'Vacne' – that's acne on your vagina – is a thing…and these are the best treatments

And as if having it on your face wasn't bad enough, it can pop up in the most unexpected and frustrating of places.

The common skin condition causes spots, oily skin and sometimes skin that is hot or painful to touch and tends to be caused by hormonal changes (although it can also be genetic).

Spots occur when bacteria enter our pores and mix with dirt and the natural oils in our skin, this can block the pores and cause pimples to appear.

You can get it on your back and your butt…and also vagina.

What is 'vacne'?

If you think about it, our vaginas are the perfect environment for developing spots because it's covered in hair follicles and sweat glands, and tends to be wrapped in tight clothing which doesn't give them a chance to breathe.

Add the fact that its close to the anus and regularly has to deal with urine, and you've ticked every box for developing acne.

Often, spots and bumps are caused by folliculitis, which is when a hair becomes ingrown and triggers inflammation and a build up of bacteria.

Unlike folliculitis which can happen anywhere you have the potential to grow hair, regular blackheads tend to pop up on your bikini line. And actual acne tends to involve spots which contain pus.

The place you'll never find a pimple, however, is at the opening of your vagina. If you do see something amiss that close, it could be a sign of something else so you might want to get yourself checked out at your nearest GUM clinic.

How can you stop yourself from getting it?

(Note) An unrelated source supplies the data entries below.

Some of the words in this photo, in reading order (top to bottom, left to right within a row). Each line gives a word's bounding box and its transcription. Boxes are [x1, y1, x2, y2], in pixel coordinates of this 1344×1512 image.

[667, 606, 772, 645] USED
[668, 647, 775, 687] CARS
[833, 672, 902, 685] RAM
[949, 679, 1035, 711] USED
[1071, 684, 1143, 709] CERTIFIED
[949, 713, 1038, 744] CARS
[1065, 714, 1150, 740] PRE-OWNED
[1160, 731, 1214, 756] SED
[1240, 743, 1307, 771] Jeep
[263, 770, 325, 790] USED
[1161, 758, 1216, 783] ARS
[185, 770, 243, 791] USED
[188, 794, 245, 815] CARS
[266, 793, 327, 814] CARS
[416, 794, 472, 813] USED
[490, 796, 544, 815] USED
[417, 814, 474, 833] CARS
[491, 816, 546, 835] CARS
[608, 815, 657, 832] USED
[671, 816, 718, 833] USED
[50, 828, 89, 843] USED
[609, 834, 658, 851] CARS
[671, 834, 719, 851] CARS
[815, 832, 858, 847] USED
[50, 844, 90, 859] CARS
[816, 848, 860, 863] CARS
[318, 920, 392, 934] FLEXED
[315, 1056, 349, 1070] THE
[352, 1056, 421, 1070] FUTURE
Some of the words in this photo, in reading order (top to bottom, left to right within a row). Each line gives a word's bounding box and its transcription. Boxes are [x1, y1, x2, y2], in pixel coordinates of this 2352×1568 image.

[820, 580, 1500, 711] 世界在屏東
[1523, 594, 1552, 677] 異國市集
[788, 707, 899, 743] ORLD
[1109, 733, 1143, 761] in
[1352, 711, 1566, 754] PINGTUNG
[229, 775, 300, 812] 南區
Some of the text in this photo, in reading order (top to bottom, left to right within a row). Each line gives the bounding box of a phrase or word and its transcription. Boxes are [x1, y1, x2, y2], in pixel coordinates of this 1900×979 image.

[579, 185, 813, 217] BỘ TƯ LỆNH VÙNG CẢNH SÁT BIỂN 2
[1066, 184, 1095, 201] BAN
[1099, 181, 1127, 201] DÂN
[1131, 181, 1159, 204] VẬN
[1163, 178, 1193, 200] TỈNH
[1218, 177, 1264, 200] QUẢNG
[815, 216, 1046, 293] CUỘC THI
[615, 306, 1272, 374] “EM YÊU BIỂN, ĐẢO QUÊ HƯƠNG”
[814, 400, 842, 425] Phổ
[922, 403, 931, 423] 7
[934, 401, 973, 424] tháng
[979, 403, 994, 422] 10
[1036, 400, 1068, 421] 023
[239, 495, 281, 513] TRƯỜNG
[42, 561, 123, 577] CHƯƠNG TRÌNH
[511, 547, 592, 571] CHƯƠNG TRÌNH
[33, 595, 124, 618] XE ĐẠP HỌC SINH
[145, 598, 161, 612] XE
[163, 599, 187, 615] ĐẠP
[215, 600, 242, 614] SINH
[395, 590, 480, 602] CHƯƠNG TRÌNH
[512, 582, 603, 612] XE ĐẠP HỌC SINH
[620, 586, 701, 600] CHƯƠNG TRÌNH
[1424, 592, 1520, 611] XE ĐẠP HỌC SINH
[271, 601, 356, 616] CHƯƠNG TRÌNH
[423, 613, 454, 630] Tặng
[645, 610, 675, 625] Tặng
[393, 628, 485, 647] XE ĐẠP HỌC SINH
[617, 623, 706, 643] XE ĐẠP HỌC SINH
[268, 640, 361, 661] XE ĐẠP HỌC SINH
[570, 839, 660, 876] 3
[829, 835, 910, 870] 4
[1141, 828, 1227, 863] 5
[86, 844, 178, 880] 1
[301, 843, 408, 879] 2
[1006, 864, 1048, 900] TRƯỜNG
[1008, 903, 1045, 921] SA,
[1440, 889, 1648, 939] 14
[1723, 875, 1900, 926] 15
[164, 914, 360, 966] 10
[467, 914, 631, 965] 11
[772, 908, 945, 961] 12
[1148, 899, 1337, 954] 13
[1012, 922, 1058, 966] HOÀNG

Dr Vanessa Mackay from the Royal College of Obstetricians and Gynaecologists (RCOG) previously told The Sun that you're more likely to get spots down there if you wax or shave.

“Pubic hair offers a natural barrier to keep things clean, to decrease contact with viruses and bacteria, and to protect the tender skin of the area.

"While protecting against diseases and skin problems, pubic hair also prevents foreign particles like dust and pathogenic bacteria from entering the body, and helps to control the moisture of the area which decreases the chances of yeast infections.

“If women shave their pubic hair, they are putting themselves at a higher risk of contracting

venereal disease, like genital warts.

"Although pubic hair doesn’t completely prevent STIs, it helps avoid skin on skin contact with someone who may already have it.


PIMPLE STOPPER How can I get rid of adult acne? Here are eight of the best treatments to banish the blemishes


"Removing pubic hair also irritates and inflames the hair follicles left behind, leaving microscopic open wounds.

"When that irritation is combined with the warm moist environment of the genitals, it becomes a happy culture medium for bacterial pathogens.”

Is it treatable?

Thankfully, yes. All you've got to do is work out what's causing the breakout and then you can go about treating it.

But if you really are suffering from acne then you should treat it exactly like the spots on your face.

The golden rule is not to pick at your spots because you'll only end up infecting them with bacteria.

And whatever you do, do not stick any acne creams anywhere up your actual vagina.

Spots on your vulva (that's the fleshy bit that covers your pubic bone) is one thing, but the vaginal canal is mega sensitive – you don't want to be putting any chemicals anywhere near it.

The vagina is really clever because it self-cleans. Start throwing acne treatments in there and you stop it from doing its job.

Dr Mackay explained: "It contains good bacteria, which are there to protect it.

"If these bacteria are disturbed it can lead to infection, such as bacterial vaginosis or thrush, and inflammation.

“It's a good idea to avoid perfumed soaps, gels and antiseptics as these can affect the healthy balance of bacteria and pH levels in the vagina and cause irritation.

"Use plain, unperfumed soaps to wash the area around the vagina, known as the vulva, not inside it, gently every day.

"During your period, washing more than once a day may be helpful.”

Products you could try include:

Origins Super Spot Removal Acne Treatment Gel, £15.50, Boots

Dermalogica Clear Start Emergency Spot Fix, £21.95, Amazon

Kate Somerville EradiKate Acne Treatment, £38.99, Amazon

Murad Blemish Clarifying Treatment, £35, John Lewis

When to see your GP

Spots should go away or at least noticeably calm down within a few days of you applying treatment – so if nothing changes, it might be worth visiting your GP.

If you've got very large, painful or pus-filled spots, then these can be drained by your doctor. Generally, vacne goes away on its own or with regular spot treatment so if that's not the case, then do seek medical assistance.